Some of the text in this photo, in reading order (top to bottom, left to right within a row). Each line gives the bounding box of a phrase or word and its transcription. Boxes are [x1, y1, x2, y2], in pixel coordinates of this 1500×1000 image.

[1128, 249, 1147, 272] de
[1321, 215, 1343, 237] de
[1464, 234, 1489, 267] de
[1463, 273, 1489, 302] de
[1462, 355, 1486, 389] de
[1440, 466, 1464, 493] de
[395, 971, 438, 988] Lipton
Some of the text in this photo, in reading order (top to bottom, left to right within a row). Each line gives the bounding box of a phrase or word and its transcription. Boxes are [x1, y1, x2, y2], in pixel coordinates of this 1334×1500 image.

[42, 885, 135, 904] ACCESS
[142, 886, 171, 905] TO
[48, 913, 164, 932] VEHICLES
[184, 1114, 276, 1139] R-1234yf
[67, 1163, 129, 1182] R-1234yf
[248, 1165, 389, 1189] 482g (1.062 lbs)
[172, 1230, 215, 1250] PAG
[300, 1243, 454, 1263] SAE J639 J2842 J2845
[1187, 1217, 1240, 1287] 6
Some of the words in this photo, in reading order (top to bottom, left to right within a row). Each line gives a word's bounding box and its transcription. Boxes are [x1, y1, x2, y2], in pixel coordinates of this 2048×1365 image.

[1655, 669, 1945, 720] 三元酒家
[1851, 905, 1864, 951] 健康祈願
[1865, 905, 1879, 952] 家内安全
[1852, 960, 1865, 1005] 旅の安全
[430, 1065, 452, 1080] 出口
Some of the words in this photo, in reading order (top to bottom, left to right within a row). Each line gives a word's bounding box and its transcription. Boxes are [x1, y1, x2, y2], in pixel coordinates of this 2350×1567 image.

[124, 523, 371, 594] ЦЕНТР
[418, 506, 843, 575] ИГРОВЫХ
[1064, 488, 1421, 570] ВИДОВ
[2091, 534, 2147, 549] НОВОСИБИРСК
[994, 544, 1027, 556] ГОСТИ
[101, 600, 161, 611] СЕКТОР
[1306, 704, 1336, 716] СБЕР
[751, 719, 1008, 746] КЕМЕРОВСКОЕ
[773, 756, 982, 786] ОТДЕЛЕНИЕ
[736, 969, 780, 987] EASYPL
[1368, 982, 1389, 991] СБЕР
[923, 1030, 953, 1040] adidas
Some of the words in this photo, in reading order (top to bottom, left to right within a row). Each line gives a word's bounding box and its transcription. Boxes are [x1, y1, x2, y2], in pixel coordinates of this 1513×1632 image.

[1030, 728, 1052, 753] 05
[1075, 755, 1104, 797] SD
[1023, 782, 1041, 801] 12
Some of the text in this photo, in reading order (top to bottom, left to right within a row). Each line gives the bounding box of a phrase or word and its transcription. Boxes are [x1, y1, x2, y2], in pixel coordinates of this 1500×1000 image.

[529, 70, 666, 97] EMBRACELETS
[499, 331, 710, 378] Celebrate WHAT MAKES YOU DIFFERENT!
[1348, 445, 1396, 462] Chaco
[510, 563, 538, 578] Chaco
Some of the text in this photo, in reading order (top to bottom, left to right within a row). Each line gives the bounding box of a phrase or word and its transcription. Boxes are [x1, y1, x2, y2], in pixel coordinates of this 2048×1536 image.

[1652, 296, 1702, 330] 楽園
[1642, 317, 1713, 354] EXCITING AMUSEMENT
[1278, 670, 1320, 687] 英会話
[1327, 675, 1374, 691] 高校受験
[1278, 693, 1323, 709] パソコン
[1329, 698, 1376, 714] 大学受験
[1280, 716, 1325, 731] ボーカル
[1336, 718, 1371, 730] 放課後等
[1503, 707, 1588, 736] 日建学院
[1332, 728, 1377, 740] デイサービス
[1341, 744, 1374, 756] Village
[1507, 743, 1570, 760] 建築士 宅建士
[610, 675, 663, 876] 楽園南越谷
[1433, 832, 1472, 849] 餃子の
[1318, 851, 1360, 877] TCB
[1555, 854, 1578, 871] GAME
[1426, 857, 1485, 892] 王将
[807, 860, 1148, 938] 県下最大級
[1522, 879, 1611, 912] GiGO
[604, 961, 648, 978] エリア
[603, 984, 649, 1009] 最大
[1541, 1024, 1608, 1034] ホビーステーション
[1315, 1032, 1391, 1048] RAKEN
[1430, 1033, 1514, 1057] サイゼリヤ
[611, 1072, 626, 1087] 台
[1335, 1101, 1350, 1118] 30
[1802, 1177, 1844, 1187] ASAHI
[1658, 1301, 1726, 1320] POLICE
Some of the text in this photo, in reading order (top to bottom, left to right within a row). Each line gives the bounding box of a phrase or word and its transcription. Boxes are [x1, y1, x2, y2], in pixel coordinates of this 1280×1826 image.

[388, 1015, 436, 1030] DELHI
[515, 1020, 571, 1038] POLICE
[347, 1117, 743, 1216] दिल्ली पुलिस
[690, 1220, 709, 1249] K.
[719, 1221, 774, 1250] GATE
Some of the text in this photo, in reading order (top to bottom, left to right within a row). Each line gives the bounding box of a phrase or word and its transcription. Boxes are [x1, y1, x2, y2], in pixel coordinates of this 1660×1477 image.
##########
What you have to do: All of the data above should be reproduced exactly, with nothing left out.

Solution below:
Some of the text in this photo, in reading order (top to bottom, left to right within a row). Each line gives the bounding box of a phrase or word and its transcription. Boxes are [x1, y1, x2, y2], in pixel coordinates of this 1500×1000 image.

[1128, 249, 1147, 272] de
[1321, 215, 1343, 237] de
[1464, 234, 1489, 267] de
[1463, 273, 1489, 302] de
[1462, 355, 1486, 389] de
[1440, 466, 1464, 493] de
[395, 971, 438, 988] Lipton
Some of the text in this photo, in reading order (top to bottom, left to right within a row). Each line gives the bounding box of a phrase or word and its transcription. Boxes are [x1, y1, x2, y2], in pixel coordinates of this 1334×1500 image.

[42, 885, 135, 904] ACCESS
[142, 886, 171, 905] TO
[48, 913, 164, 932] VEHICLES
[184, 1114, 276, 1139] R-1234yf
[67, 1163, 129, 1182] R-1234yf
[248, 1165, 389, 1189] 482g (1.062 lbs)
[172, 1230, 215, 1250] PAG
[300, 1243, 454, 1263] SAE J639 J2842 J2845
[1187, 1217, 1240, 1287] 6
Some of the words in this photo, in reading order (top to bottom, left to right within a row). Each line gives a word's bounding box and its transcription. Boxes are [x1, y1, x2, y2], in pixel coordinates of this 2048×1365 image.

[1655, 669, 1945, 720] 三元酒家
[1851, 905, 1864, 951] 健康祈願
[1865, 905, 1879, 952] 家内安全
[1852, 960, 1865, 1005] 旅の安全
[430, 1065, 452, 1080] 出口
Some of the words in this photo, in reading order (top to bottom, left to right within a row). Each line gives a word's bounding box and its transcription. Boxes are [x1, y1, x2, y2], in pixel coordinates of this 2350×1567 image.

[124, 523, 371, 594] ЦЕНТР
[418, 506, 843, 575] ИГРОВЫХ
[1064, 488, 1421, 570] ВИДОВ
[2091, 534, 2147, 549] НОВОСИБИРСК
[994, 544, 1027, 556] ГОСТИ
[101, 600, 161, 611] СЕКТОР
[1306, 704, 1336, 716] СБЕР
[751, 719, 1008, 746] КЕМЕРОВСКОЕ
[773, 756, 982, 786] ОТДЕЛЕНИЕ
[736, 969, 780, 987] EASYPL
[1368, 982, 1389, 991] СБЕР
[923, 1030, 953, 1040] adidas
Some of the words in this photo, in reading order (top to bottom, left to right within a row). Each line gives a word's bounding box and its transcription. Boxes are [x1, y1, x2, y2], in pixel coordinates of this 1513×1632 image.

[1030, 728, 1052, 753] 05
[1075, 755, 1104, 797] SD
[1023, 782, 1041, 801] 12
Some of the text in this photo, in reading order (top to bottom, left to right within a row). Each line gives the bounding box of a phrase or word and its transcription. Boxes are [x1, y1, x2, y2], in pixel coordinates of this 1500×1000 image.

[529, 70, 666, 97] EMBRACELETS
[499, 331, 710, 378] Celebrate WHAT MAKES YOU DIFFERENT!
[1348, 445, 1396, 462] Chaco
[510, 563, 538, 578] Chaco
Some of the text in this photo, in reading order (top to bottom, left to right within a row). Each line gives the bounding box of a phrase or word and its transcription. Boxes are [x1, y1, x2, y2], in pixel coordinates of this 2048×1536 image.

[1652, 296, 1702, 330] 楽園
[1642, 317, 1713, 354] EXCITING AMUSEMENT
[1278, 670, 1320, 687] 英会話
[1327, 675, 1374, 691] 高校受験
[1278, 693, 1323, 709] パソコン
[1329, 698, 1376, 714] 大学受験
[1280, 716, 1325, 731] ボーカル
[1336, 718, 1371, 730] 放課後等
[1503, 707, 1588, 736] 日建学院
[1332, 728, 1377, 740] デイサービス
[1341, 744, 1374, 756] Village
[1507, 743, 1570, 760] 建築士 宅建士
[610, 675, 663, 876] 楽園南越谷
[1433, 832, 1472, 849] 餃子の
[1318, 851, 1360, 877] TCB
[1555, 854, 1578, 871] GAME
[1426, 857, 1485, 892] 王将
[807, 860, 1148, 938] 県下最大級
[1522, 879, 1611, 912] GiGO
[604, 961, 648, 978] エリア
[603, 984, 649, 1009] 最大
[1541, 1024, 1608, 1034] ホビーステーション
[1315, 1032, 1391, 1048] RAKEN
[1430, 1033, 1514, 1057] サイゼリヤ
[611, 1072, 626, 1087] 台
[1335, 1101, 1350, 1118] 30
[1802, 1177, 1844, 1187] ASAHI
[1658, 1301, 1726, 1320] POLICE
Some of the text in this photo, in reading order (top to bottom, left to right within a row). Each line gives the bounding box of a phrase or word and its transcription. Boxes are [x1, y1, x2, y2], in pixel coordinates of this 1280×1826 image.

[388, 1015, 436, 1030] DELHI
[515, 1020, 571, 1038] POLICE
[347, 1117, 743, 1216] दिल्ली पुलिस
[690, 1220, 709, 1249] K.
[719, 1221, 774, 1250] GATE
Some of the text in this photo, in reading order (top to bottom, left to right within a row). Each line gives the bounding box of a phrase or word and its transcription. Boxes are [x1, y1, x2, y2], in pixel coordinates of this 1660×1477 image.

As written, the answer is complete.